Neuf mouvements pour une cavale, la ruralité au TCI
Le spectacle narre la fuite d’un éleveur en Saône-et-Loire, alors que gendarmes et contrôleurs sanitaires lui ont donné l’injonction de tuer une partie de son cheptel. Avec la mort de ce paysan, c’est tout un univers dont l’auteur veut montrer la lente disparition, voire le lent assassinat, opéré selon lui par un système politico-économique.
L’idée de Guillaume Cayet, auteur de Neuf mouvements pour une cavale, est née d’un fait divers survenu le 20 mai 2017. Ce jour-là, Jérôme Laronze est abattu dans le dos par des gendarmes alors qu’il est sur son tracteur et tourne dans les environs de sa ferme, refusant de se soumettre à l’ordre de tuer ses bêtes. Le thème est donc celui de la répression policière non pas dans les banlieues ou dans les zones dites sensibles comme c’est souvent le cas, mais en milieu rural. Le propos, s’il a été traité au cinéma, est peu présent sur les plateaux de théâtre et c’est clairement un engagement contre « l’Europe des marchés » que la metteure en scène Aurélia Lüscher partage avec l’auteur.

© le désordre des choses
Le refus d’obtempérer de Jérôme Laronze a duré neuf jours. Neuf jours durant lesquels il reste seul dans son tracteur, assumant de désobéir à un ordre. Pour cette prise de position, il a payé de sa vie.

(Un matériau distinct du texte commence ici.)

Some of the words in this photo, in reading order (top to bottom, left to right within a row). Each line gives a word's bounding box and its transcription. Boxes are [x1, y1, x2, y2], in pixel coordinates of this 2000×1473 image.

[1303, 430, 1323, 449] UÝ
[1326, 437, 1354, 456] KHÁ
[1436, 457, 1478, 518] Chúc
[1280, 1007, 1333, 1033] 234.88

Ce sont les étapes capitales de ce drame qui sont auscultées dans le spectacle par la sœur de l’éleveur, interprétée par Fleur Sulmont, dont le jeu déterminé et soutenu atteint les spectateurs. Le monologue est découpé en neuf séquences indiquées par une simple inscription sur l’écran noir. C’est avec un choix minimaliste et en réalité dominé par l’immobilisme, que l’on suit l’éleveur à travers la voix de sa sœur. Le plateau est nu, hormis un tabouret, et seuls quelques témoignages en voix off viennent interrompre le monologue. Le spectacle est à rebours du mouvement et de la cavale, il donne les clés, il transmet, il informe, il donne voix à un paysan dont l’histoire tragique est bien celle d’un de nos contemporains, broyé silencieusement par les règlements administratifs et leurs exécutants.

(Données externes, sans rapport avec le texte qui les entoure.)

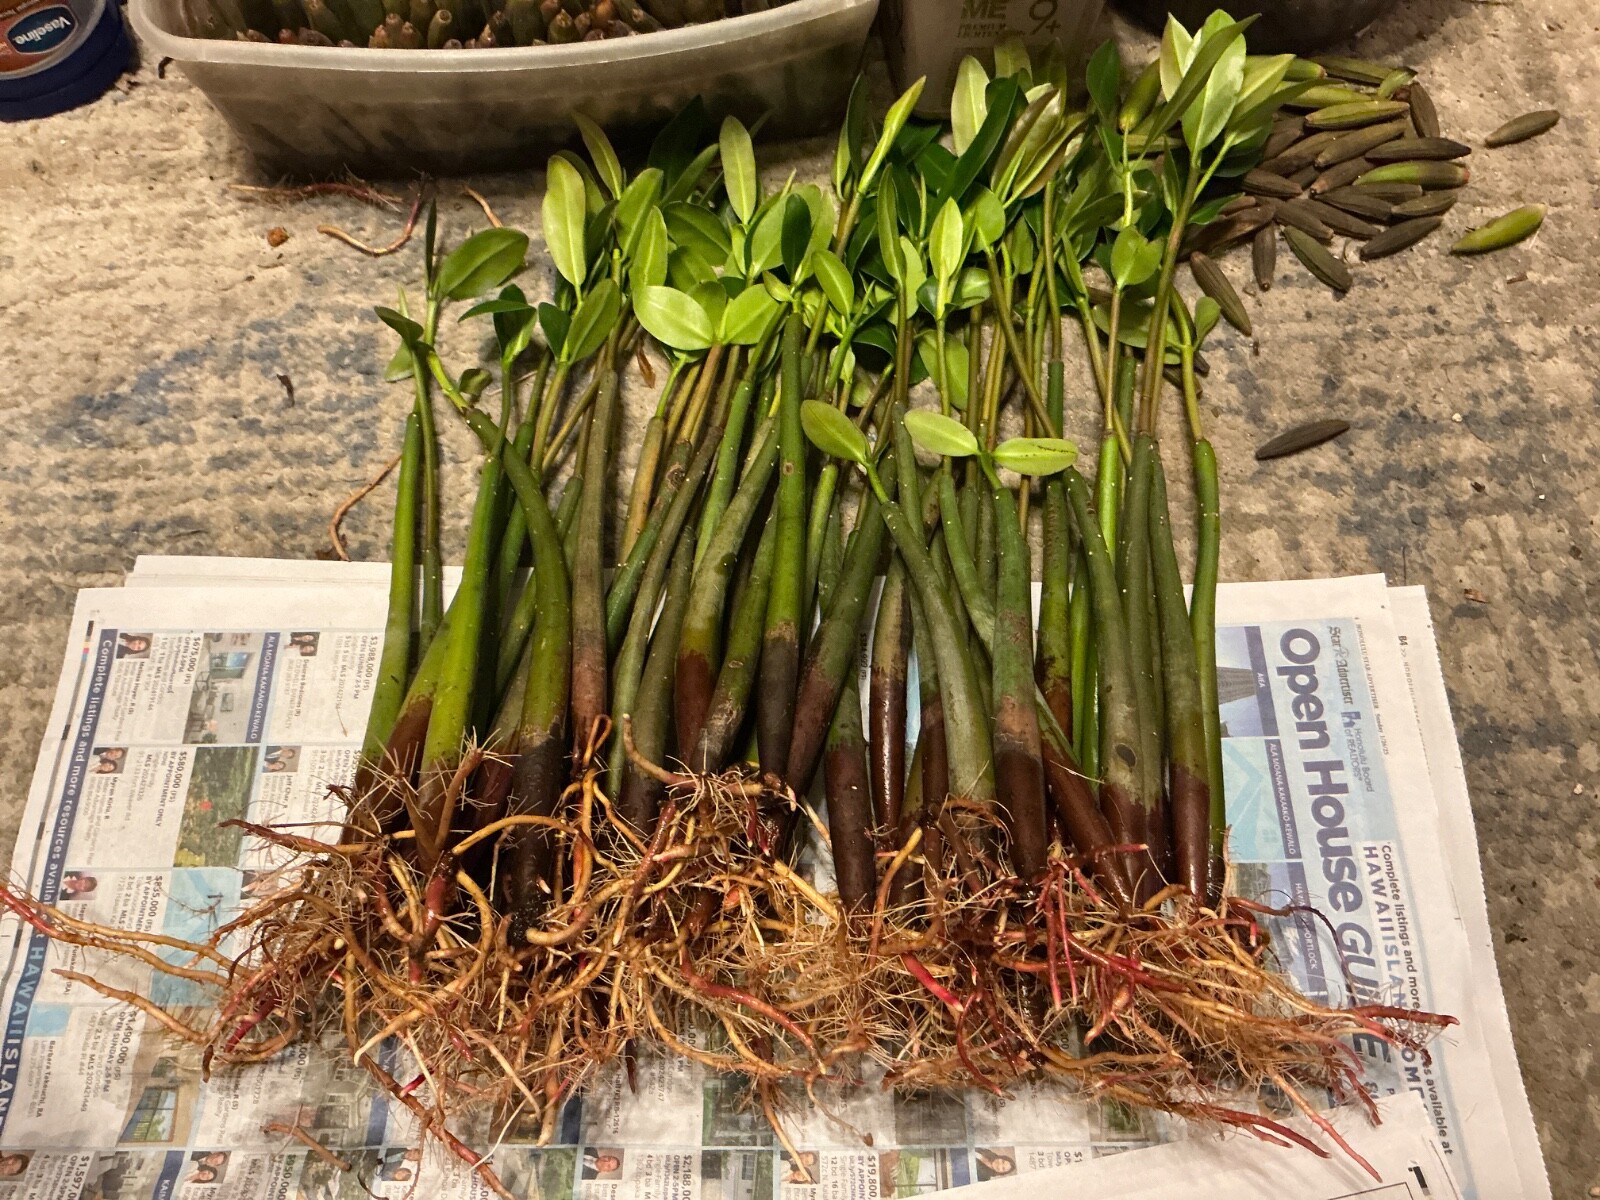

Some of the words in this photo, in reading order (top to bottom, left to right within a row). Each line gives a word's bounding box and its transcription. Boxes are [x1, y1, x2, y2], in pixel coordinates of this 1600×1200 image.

Les législations européennes, les obligations de mises aux normes, les techniques de puçage des animaux, les inspections sanitaires, les ordres de labellisation, innombrables sont aujourd’hui les carcans que l’auteur nomme “l’agro-business”. Le monde agricole devenu une industrie se voit encadré par un verrouillage bureaucratique relayé par les forces de l’ordre. On est bien loin des vaches, ici les Limousines, et de l’image idyllique du monde champêtre. C’est cette brutalité que le spectacle donne à saisir et qui impose avec des mots justes, nets, sans pathos, une prise de conscience de l’ampleur de cette catastrophe écologique et humaine. Pour inscrire son propos dans une notion politique plus large qui concerne tous les citoyens, l’auteur imbrique la désobéissance de Jérôme Laronze à l’histoire d’Antigone, et il cale ce tragique faits divers sur une énumération de noms connus, tels que Malik ou Wissam, morts “pour s’être opposés à un ordre politique”.